A little over a month ago, I reiterated my bearish case on China, focusing on slowing retail sales and the country’s massive debt load.
During this time, I’ve made bearish bets on the broader Chinese market, related currencies and individual stocks that paid off big. Today, I’d like to share my most recent target and explain how I leveraged a small move in the stock into a 19.3% gain in just three days, which works out to 2,344.8% annualized.
Distrust Sends Consumers and Advertisers Running From Search Giant
Search engine giant Baidu (NASDAQ: BIDU) is essentially China’s version of Google. In fact, Google’s departure from China back in 2010 turned out to be a huge stroke of good luck for Baidu. With no major competition, the company thrived for a number of years.
But the past two years haven’t been so great. Earnings growth at Baidu has been slowing, and there are other indications that show a company in trouble.
Chinese citizens are not known for speaking publicly against their government or big corporations with government support, like Baidu, but the search company has managed to anger both.
Baidu is currently under fire for allegedly profiting from shady advertising and controlling health-related forums that offer misleading remedies to Chinese consumers.
After a number of public criticisms, millions of Chinese consumers have rallied against Baidu, and the Chinese government has even promised to investigate accusations that the company is promoting false information.
The string of missteps at Baidu culminated with the death of a 21-year-old cancer patient, Wei Zexi, in April.

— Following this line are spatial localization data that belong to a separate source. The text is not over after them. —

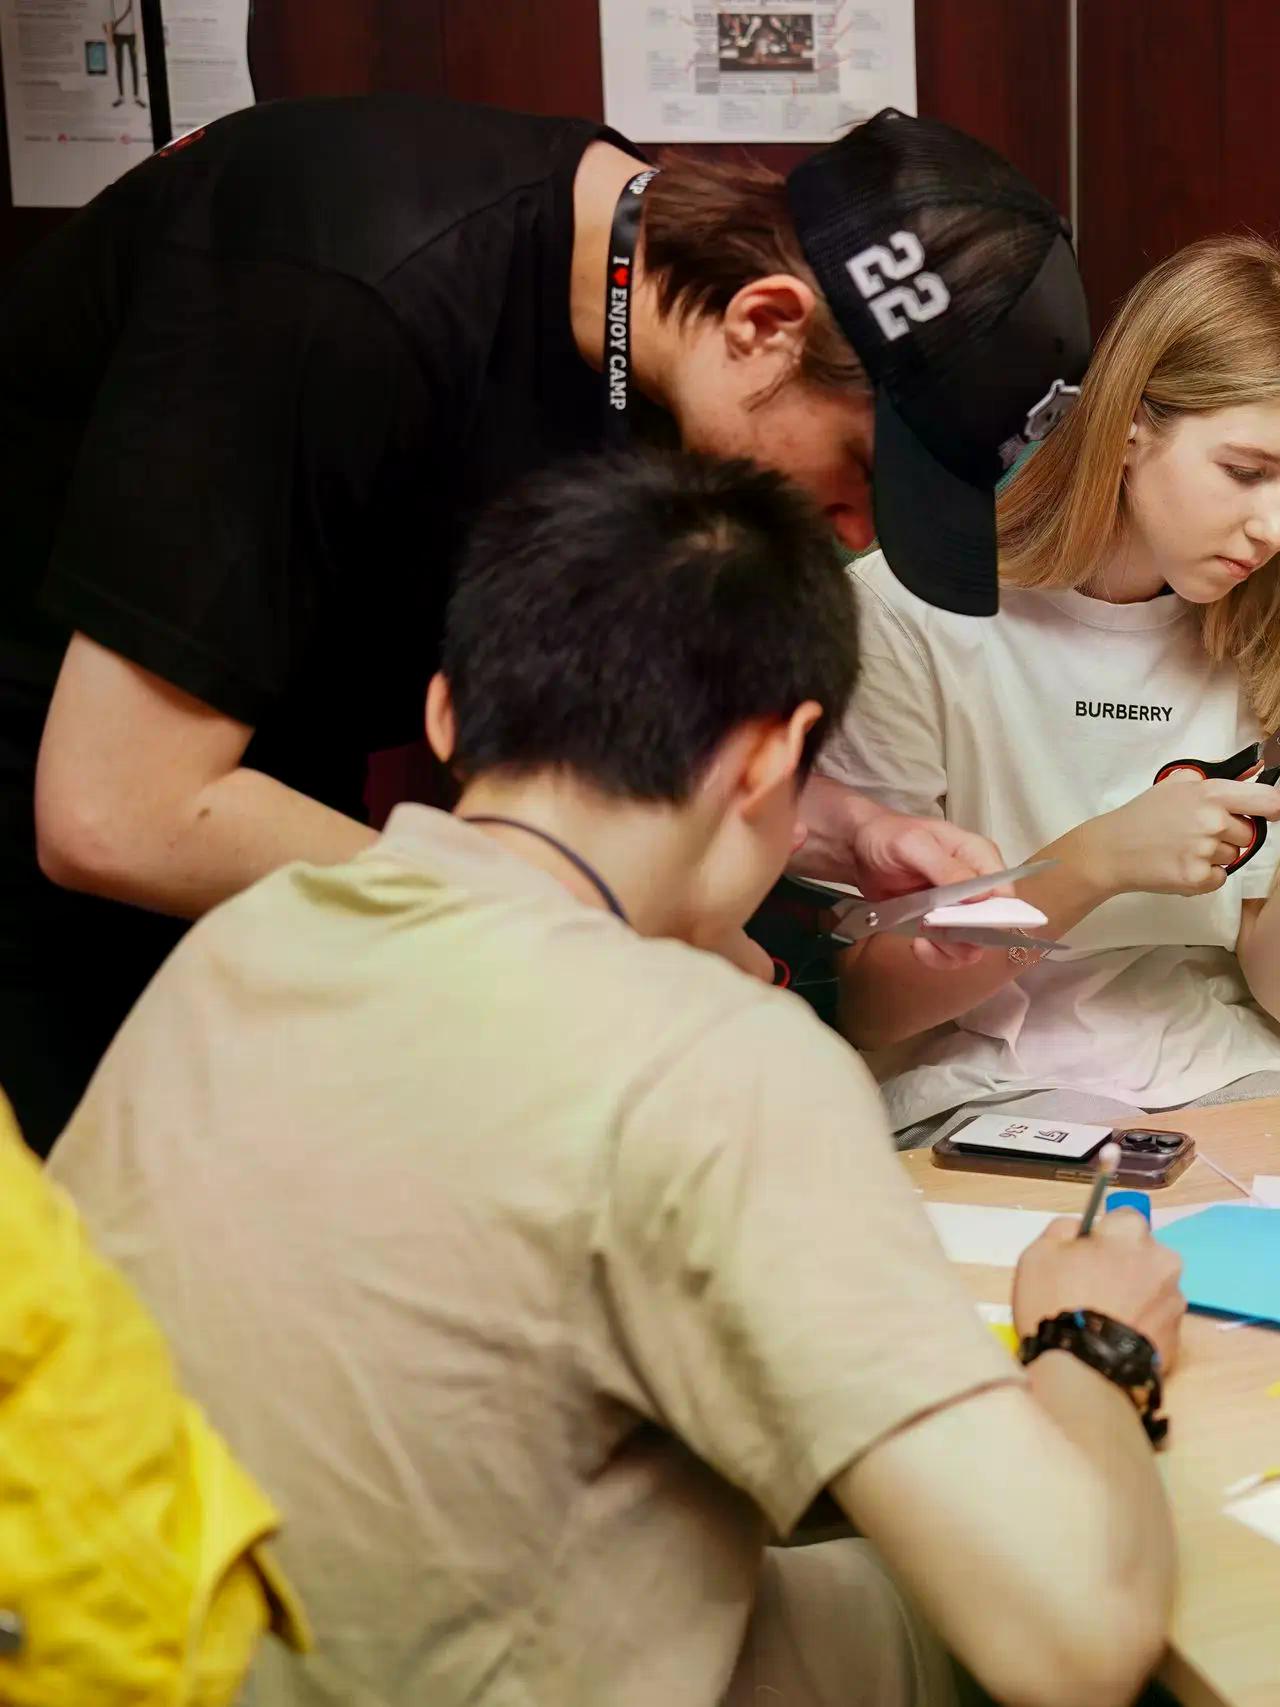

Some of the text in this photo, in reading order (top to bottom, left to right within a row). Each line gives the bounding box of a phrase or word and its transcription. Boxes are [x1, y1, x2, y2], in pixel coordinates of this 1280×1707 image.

[608, 256, 630, 411] I ENJOY CAMP
[846, 230, 951, 341] 22
[1074, 700, 1173, 722] BURBERRY
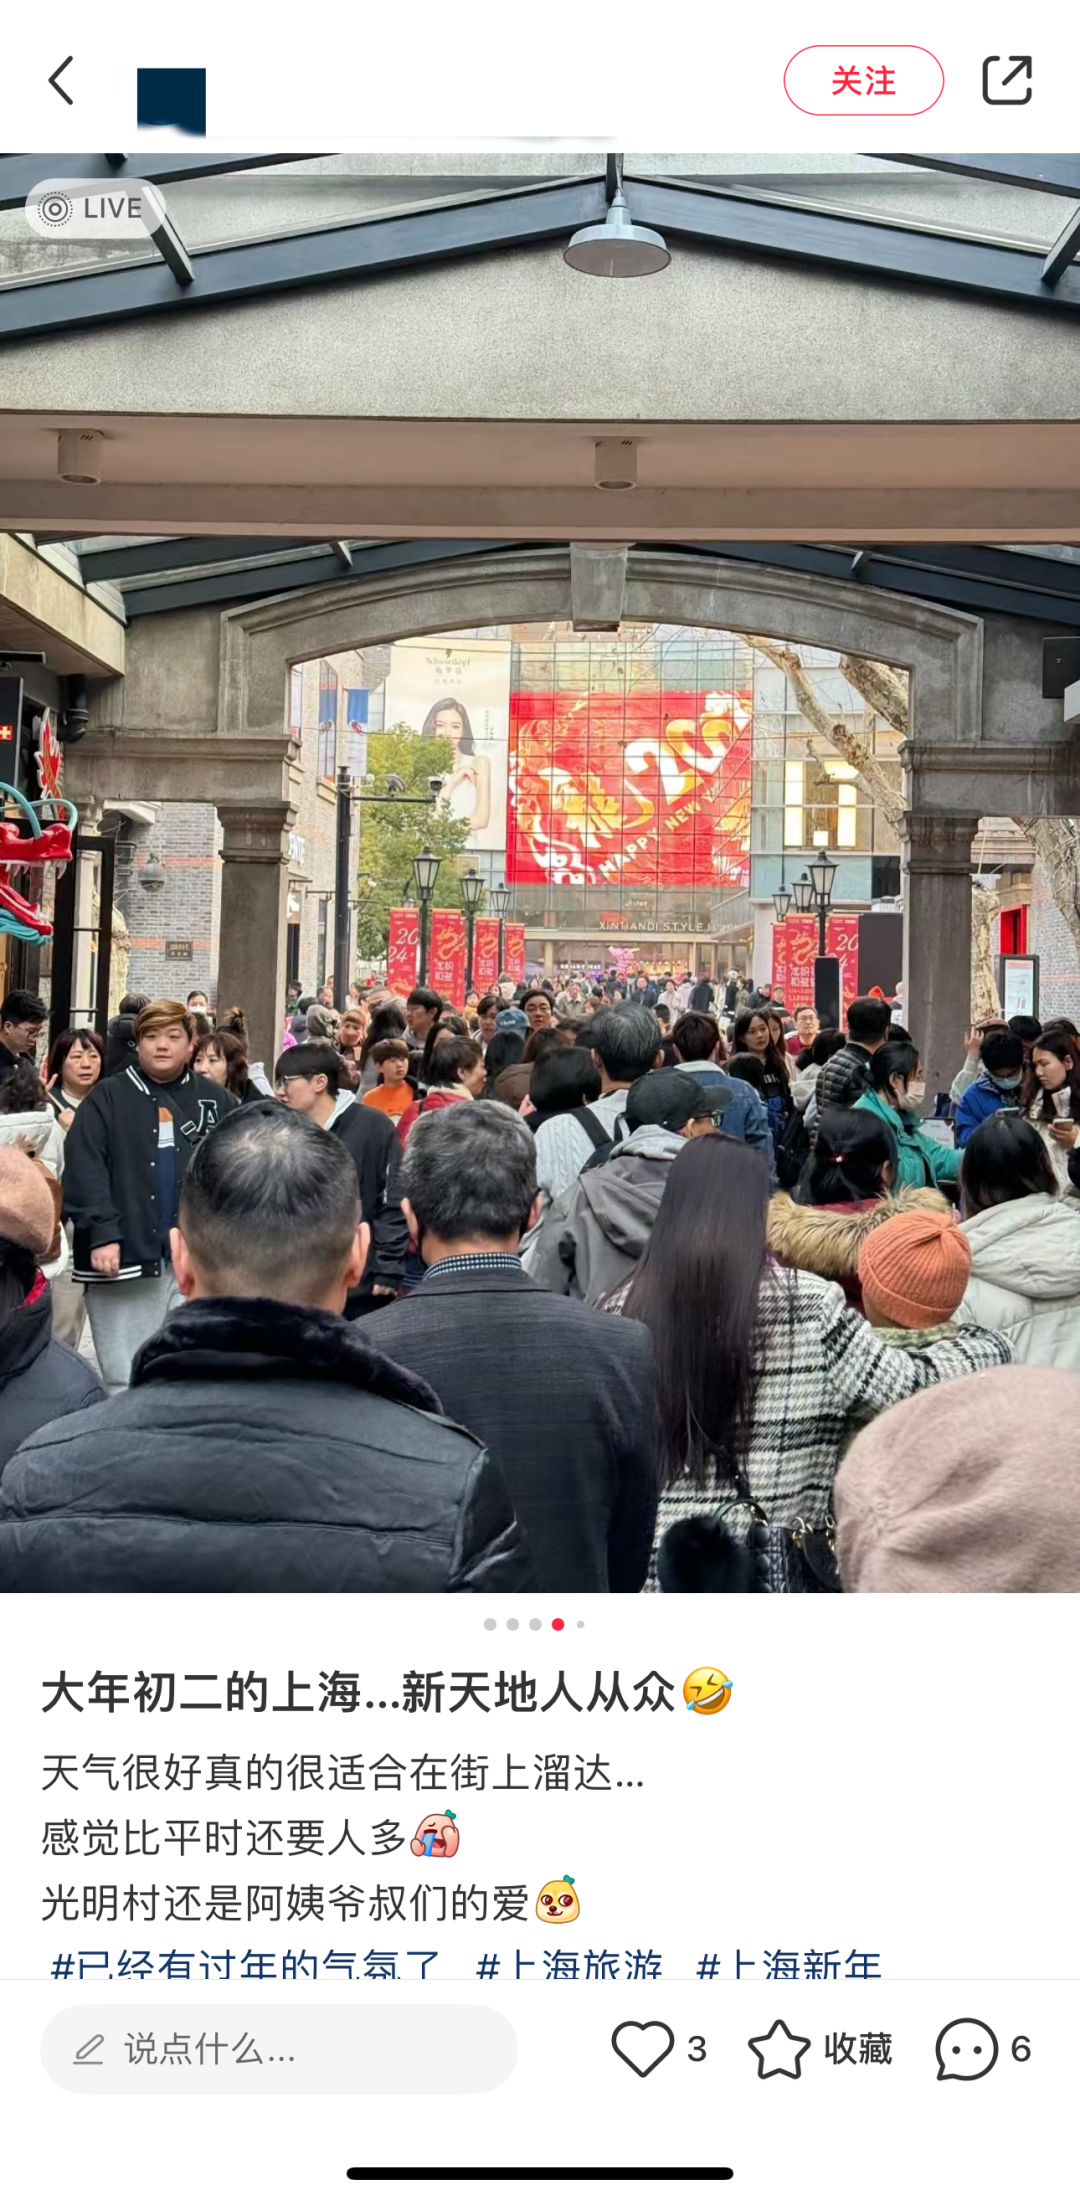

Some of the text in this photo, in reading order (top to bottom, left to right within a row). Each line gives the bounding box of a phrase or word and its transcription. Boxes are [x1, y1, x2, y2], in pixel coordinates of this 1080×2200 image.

[599, 827, 661, 877] HAPPY
[664, 800, 702, 831] NEW
[599, 921, 659, 932] XINTIANDI
[662, 922, 703, 932] STYLE

According to China’s state media, Zexi had used Baidu to search for the best place to receive treatment for his rare form of cancer and, based on his search results, selected a military hospital offering an experimental treatment that claimed to have a high success rate.
Unfortunately, the care he received did nothing to prevent his death. The highly successful experimental treatment touted by Baidu as “cutting-edge” was actually an ineffective, outdated treatment. A later Google search (done by one of Zexi’s friends in the United States) revealed that American hospitals had long since stopped using the “cutting-edge” treatment due to poor results.
Before he died, Zexi accused the company of promoting misleading advertisements and false medical information. Even Chinese President Xi Jinping commented on the controversy, saying that an “internet search engine company should not promote a certain client just because they offer the highest price.”
Zexi’s story has added to Baidu’s struggles on both sides of the revenue equation.
On one side, we have consumers, who have largely lost trust in Baidu’s results, with some even calling for Google’s return and a “less restricted” internet. The incident has also sparked a discussion of fair competition in business. The company earns nearly all its revenues from online marketing, so fewer consumers using its search engines should result in declining sales.
On the other side, we have the companies that advertise on Baidu, some of which have started pulling their ad campaigns in response to public outcry and newly imposed regulations (internally and externally). The number of Baidu’s advertising customers is expected to continue declining, which is a bad thing for future earnings.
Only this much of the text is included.